Osprey Athlete Ray Zahab reflects on his most recent crossing through Death Valley, the challenges he faced, and what he is working towards next.

I’ve heard it said before that the hardest part of any adventure is actually just getting to the start line. These past twenty years of expeditions have taught me that there is a lot of wisdom and truth in that statement. When we ran 4500 miles across the Sahara in 2007, I wasn’t sure we’d ever get to our start in Senegal, let alone the finish, 111 days later on the Red Sea in Egypt. While planning my unsupported 2009 expedition to the South Pole, funding was so tight, I wasn’t sure we’d make it to the start – but somehow, we did. With over 40 expeditions spanning 20,000 kilometres across most of the largest deserts on the planet, and coldest winter months in the Arctic and Siberia, I thought I’d faced every possible hurdle in trying to get to the start line.

But as we all know…life can be wickedly unpredictable.

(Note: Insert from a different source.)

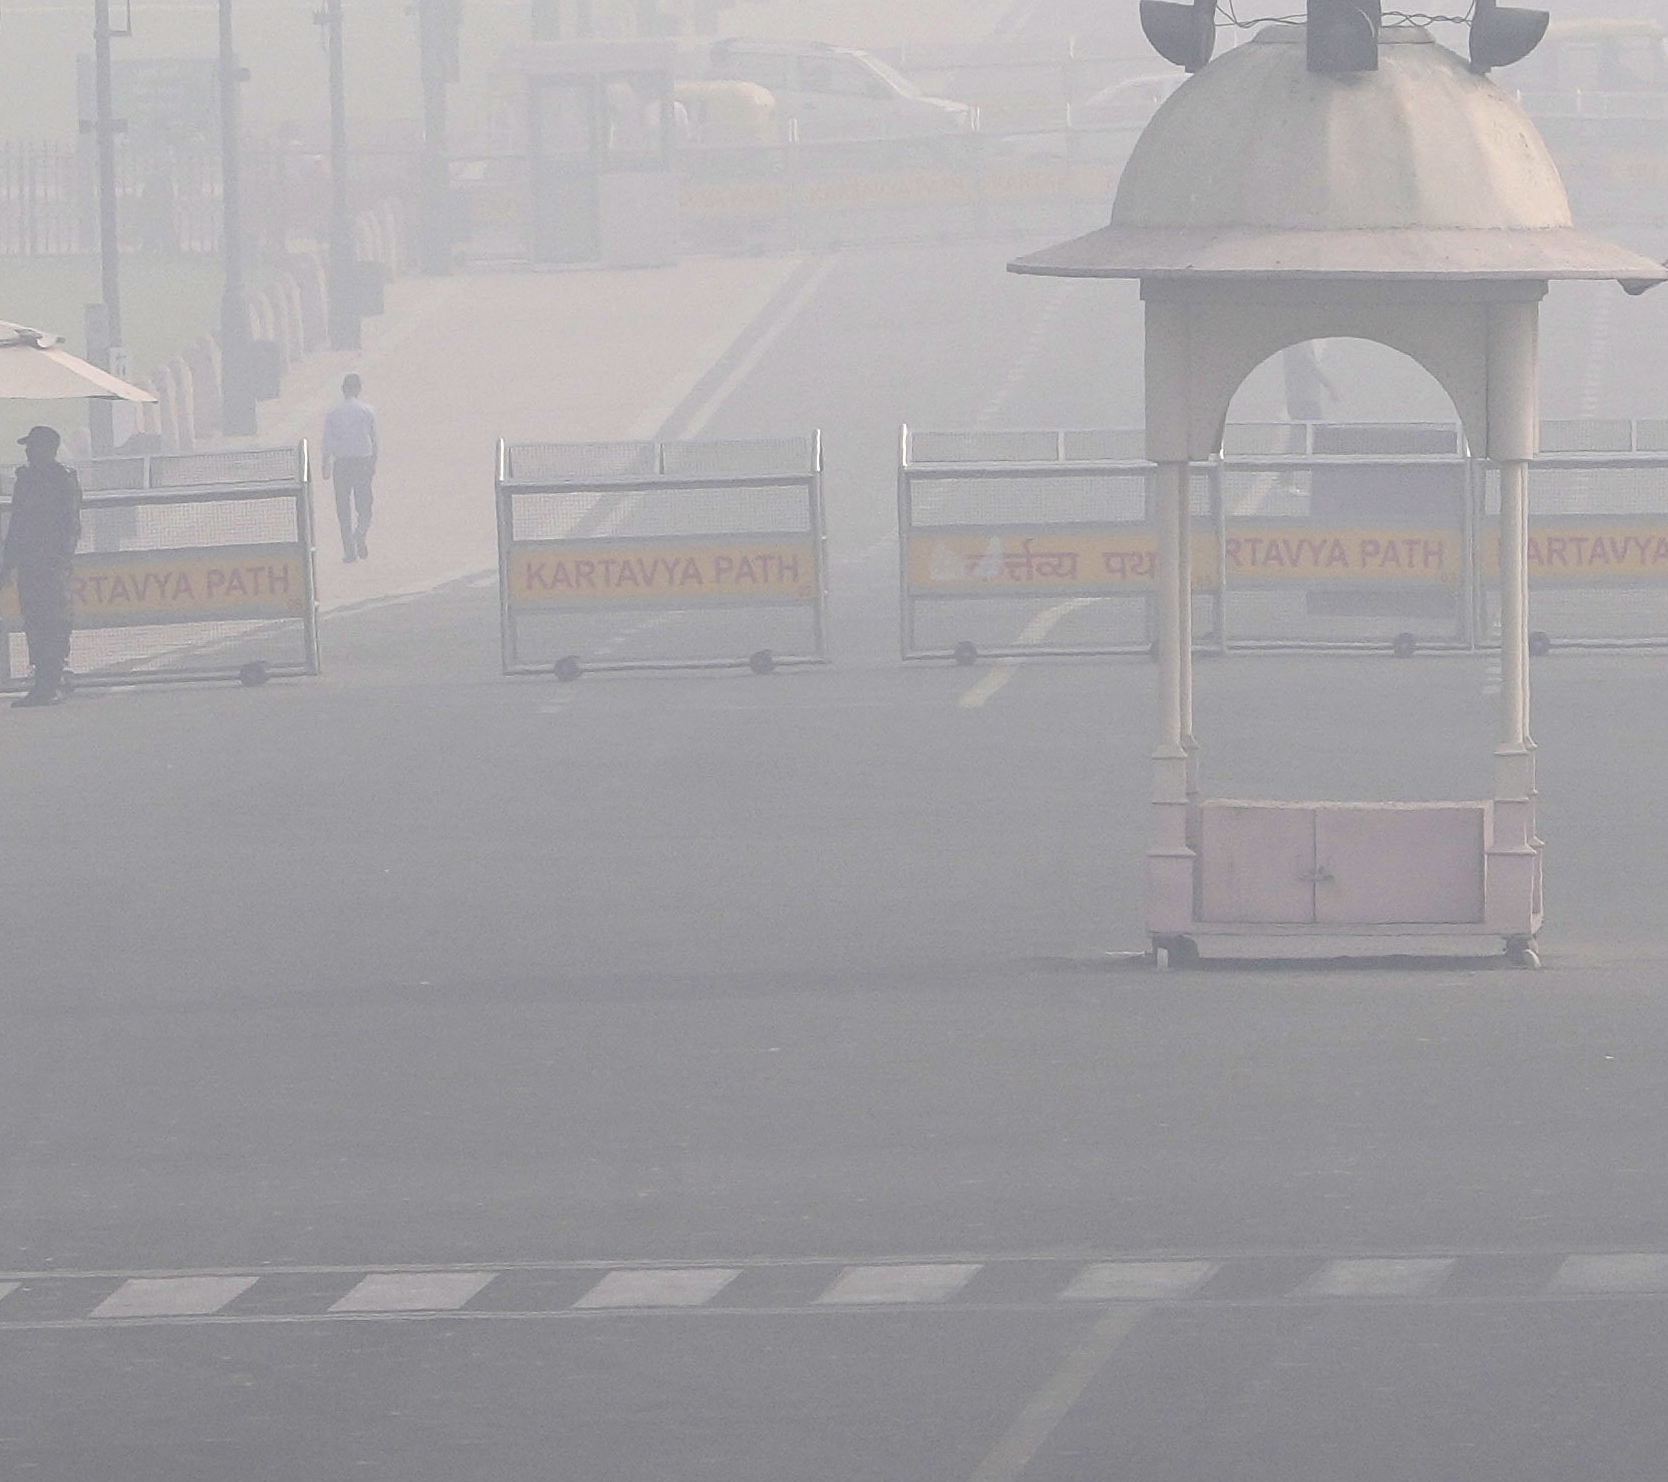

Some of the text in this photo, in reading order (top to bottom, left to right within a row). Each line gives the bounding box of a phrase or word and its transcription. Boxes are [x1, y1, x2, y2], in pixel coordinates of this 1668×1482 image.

A landscape view of Death Valley as the sun sets on a cloudy sky
Image via Ray Zahab

In 2019, while training for an upcoming expedition to the Canadian Arctic, I was feeling like I simply couldn’t recover from longer workouts. I pushed on and completed that unsupported adventure across Baffin Island in January 2020, but was wrecked after. The pandemic was soon upon us, and travel stopped, bringing to a halt my expeditions, the guided expeditions I would lead for my clients with KapiK1, and our free-of-cost, learning-based expeditions for youth with my foundation impossible2Possible. My family and I spent endless days throughout 2020-2022 in the backcountry together, but I just didn’t feel myself. By the time the world started to travel again, and I began a mission of preparing for upcoming adventures and expeditions in 2022, I was finding myself chronically exhausted with the added symptom of constant brain fog, and a dwindling ability to focus or even breathe well, while out trail running and skiing.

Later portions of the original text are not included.